Paris, le vendredi 9 mai 2008 – Le procès de l’hormone de croissance est entré ce mercredi 7 mai dans sa dernière phase. C’est désormais au tour des avocats des deux cent parties civiles de s’exprimer jusqu’au mercredi 21 mai, date des réquisitions. Le temps de l’émotion qui a prévalu tout au long des dernières semaines devrait donc laisser la place au langage plus froid des spécialistes. Quatre-vingt onze familles sur les 111 décès recensés ont choisi de prendre la parole pour évoquer le même calvaire et leurs douleurs personnelles. Les sept prévenus se seront souvent vus reprocher leur « suffisance », voire leur « mépris », pour reprendre les mots prononcés ce mercredi 7 mai par la présidente de l’Association des victimes de l’hormone de croissance, Jeanne Goerrian. Une mère, citée par Libération, s’est ainsi souvenue comment, en 1992, le médecin qui s’occupait de son fils avait ainsi répondu à ses doutes : « Mais vous vous inquiétez pour rien. Votre fils a plus de risques de mourir dans un accident de voiture ». Un père affirme pour sa part que le docteur Micheline Gourmelen assise sur le banc des prévenus lui aurait asséné durement : « Vous savez, votre fils a de la change d’avoir accès à ce traitement », des mots dont le souvenir est une brûlure particulièrement amère.
Epée de Damoclès
La parole a également été laissée à ceux qui ont été traités par
des hormones de croissance et qui redoutent aujourd’hui de
développer la nouvelle forme de la maladie de Creutzfeldt-Jakob.
L’image de «l’épée de Damoclès» était ainsi sur toutes les lèvres,
et notamment dans la bouche de Toufik, aujourd’hui âgé de 39 ans et
qui a lancé : «Je voulais grandir, mais je ne veux pas mourir».
Beaucoup ont également souligné combien le fait d’avoir été traité
par une hormone de croissance devait souvent être tu, afin d’éviter
que ne se ferment toutes les portes (professionnelles,
financières…).

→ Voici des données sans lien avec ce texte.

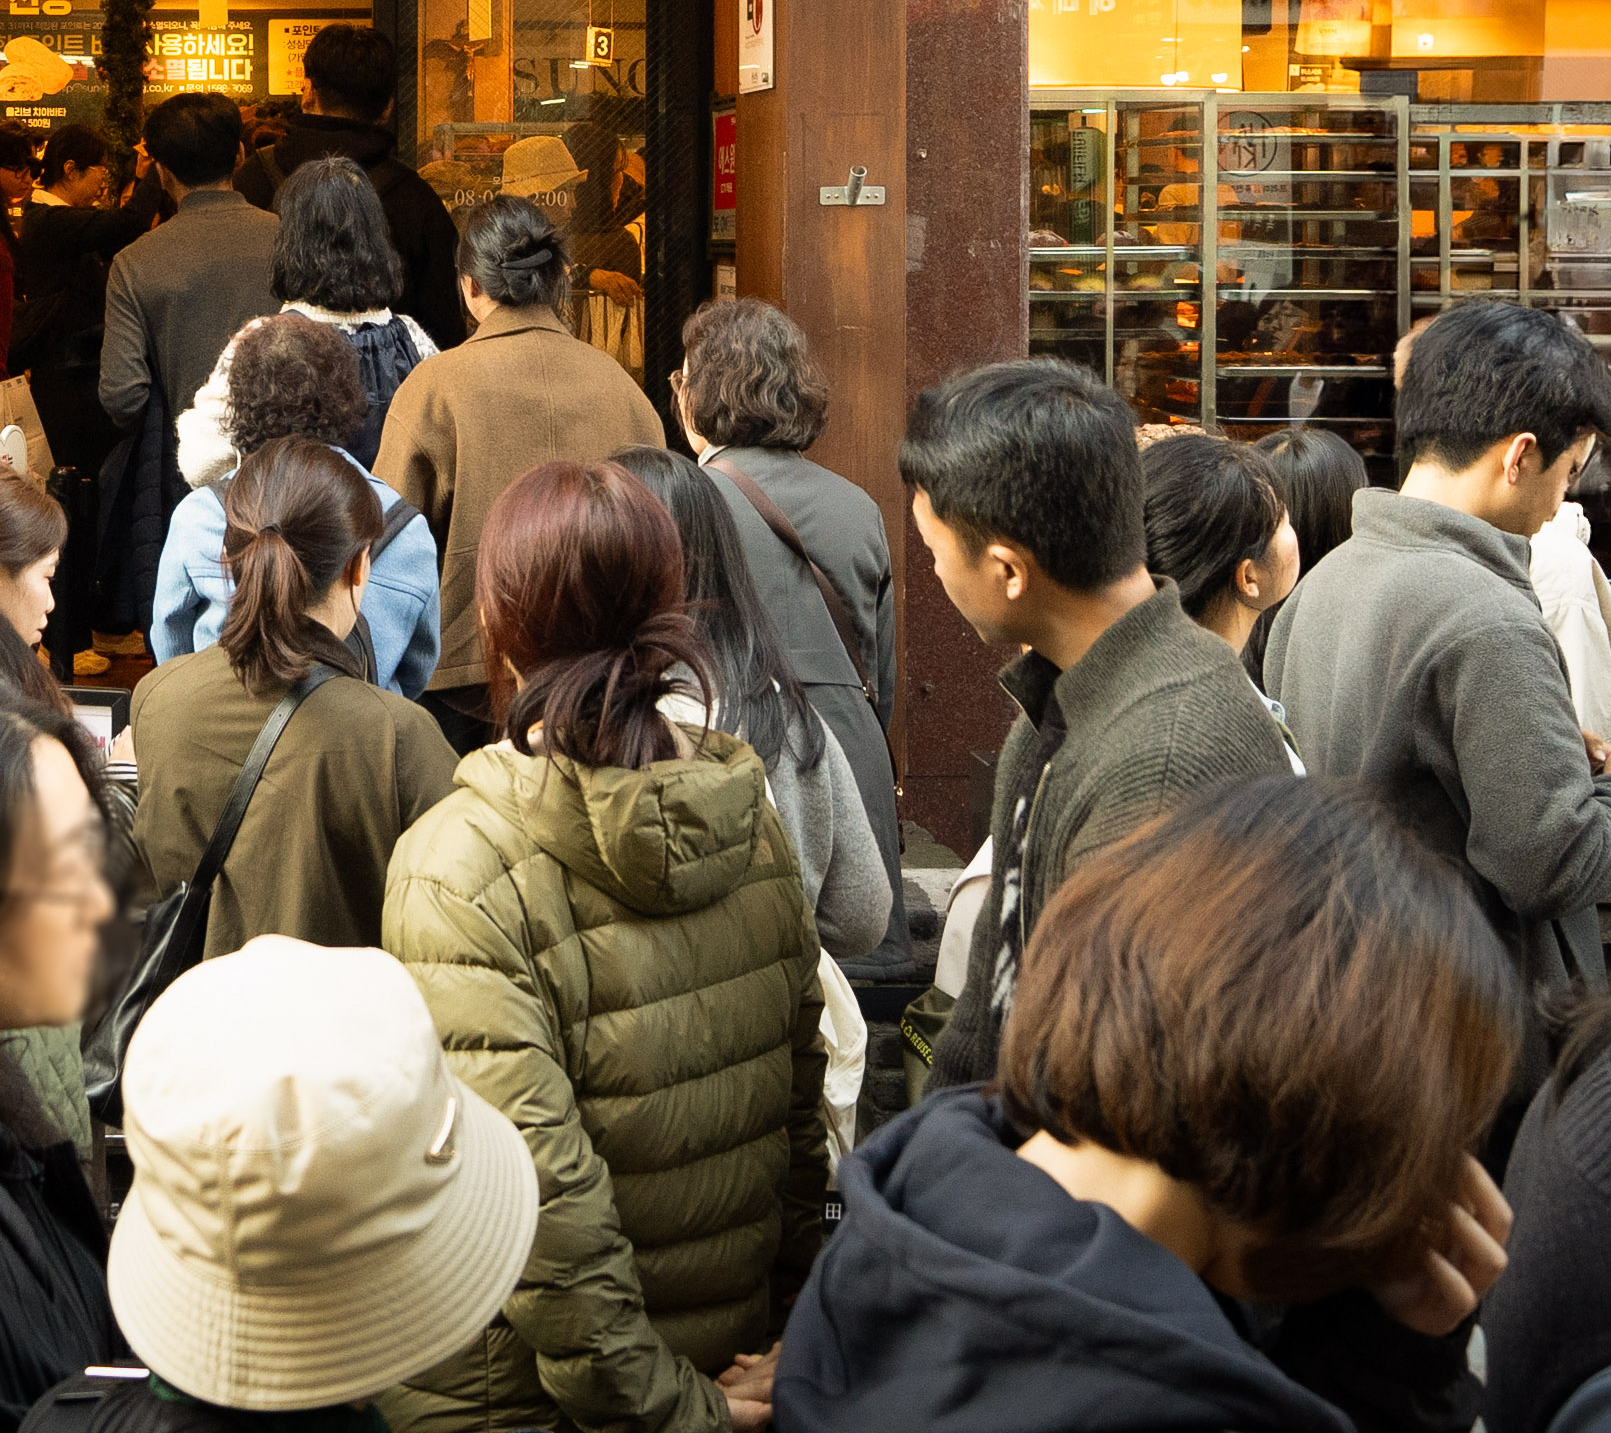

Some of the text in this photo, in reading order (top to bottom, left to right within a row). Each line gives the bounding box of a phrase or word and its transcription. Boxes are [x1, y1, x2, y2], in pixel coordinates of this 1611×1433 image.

[145, 33, 255, 56] 사용하세요!
[596, 36, 609, 56] 3
[143, 58, 254, 81] 소멸됩니다

Un ancien patient a révélé que ce rejet pouvait
émaner du milieu médical lui-même. Alors qu’il devait réaliser une
coloscopie, un médecin a en effet refusé de procéder à l’examen.

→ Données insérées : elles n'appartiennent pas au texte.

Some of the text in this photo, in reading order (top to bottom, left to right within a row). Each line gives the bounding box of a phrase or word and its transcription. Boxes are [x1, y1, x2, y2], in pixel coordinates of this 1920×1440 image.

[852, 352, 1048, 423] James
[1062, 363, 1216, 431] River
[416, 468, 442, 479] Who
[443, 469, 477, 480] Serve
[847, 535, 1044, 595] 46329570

«Je ne vais pas sacrifier un appareil qui vaut plusieurs centaines
de milliers d’euros» lui aurait expliqué le praticien, faisant
allusion à la résistance du prion aux méthodes classiques de
désinfection. Enfin, le témoignage poignant de Bénédicte a confirmé
combien cette angoisse permanente pouvait être insupportable : son
frère Olivier a mis fin à ses jours à l’âge de vingt cinq ans,
après avoir passé de longs mois à redouter chaque jour d’être
atteint de la nouvelle forme de la maladie de
Creutzfeldt-Jakob.
Hypophyses bulgares
Face à la prise de parole des victimes, les sept prévenus sont le
plus souvent restés silencieux. Le début et la fin des témoignages
auront cependant été marqués par deux moments forts : la demande de
pardon du professeur Jean-Claude Job et il y a une semaine
l’évocation de «sa tristesse infinie» par le professeur Fernand
Dray. La ligne de défense des anciens responsables de la collecte
d’hypophyse en France demeure cependant la même. Leurs avocats
mettent en effet en avant le fait que l’importation massive à
partir de 1984 d’hypophyses bulgares, explique mieux, que
d’éventuelles fautes ou imprudences, la spécificité de la situation
française, où l’on compte un nombre de victimes bien plus élevé que
dans les autres pays occidentaux. Pour sa part, le professeur
Thierry Billette de Villemeur, responsable du Centre national de
référence de la maladie de Creutzfeldt-Jakob, qui avant chaque
témoignage de famille a retracé l’histoire médicale du patient
décédé a tenu à précisé : «Quand on recoupe tous ces cas, ils ont
tous reçu de l’hormone de croissance, de novembre 1983 à juin 1985.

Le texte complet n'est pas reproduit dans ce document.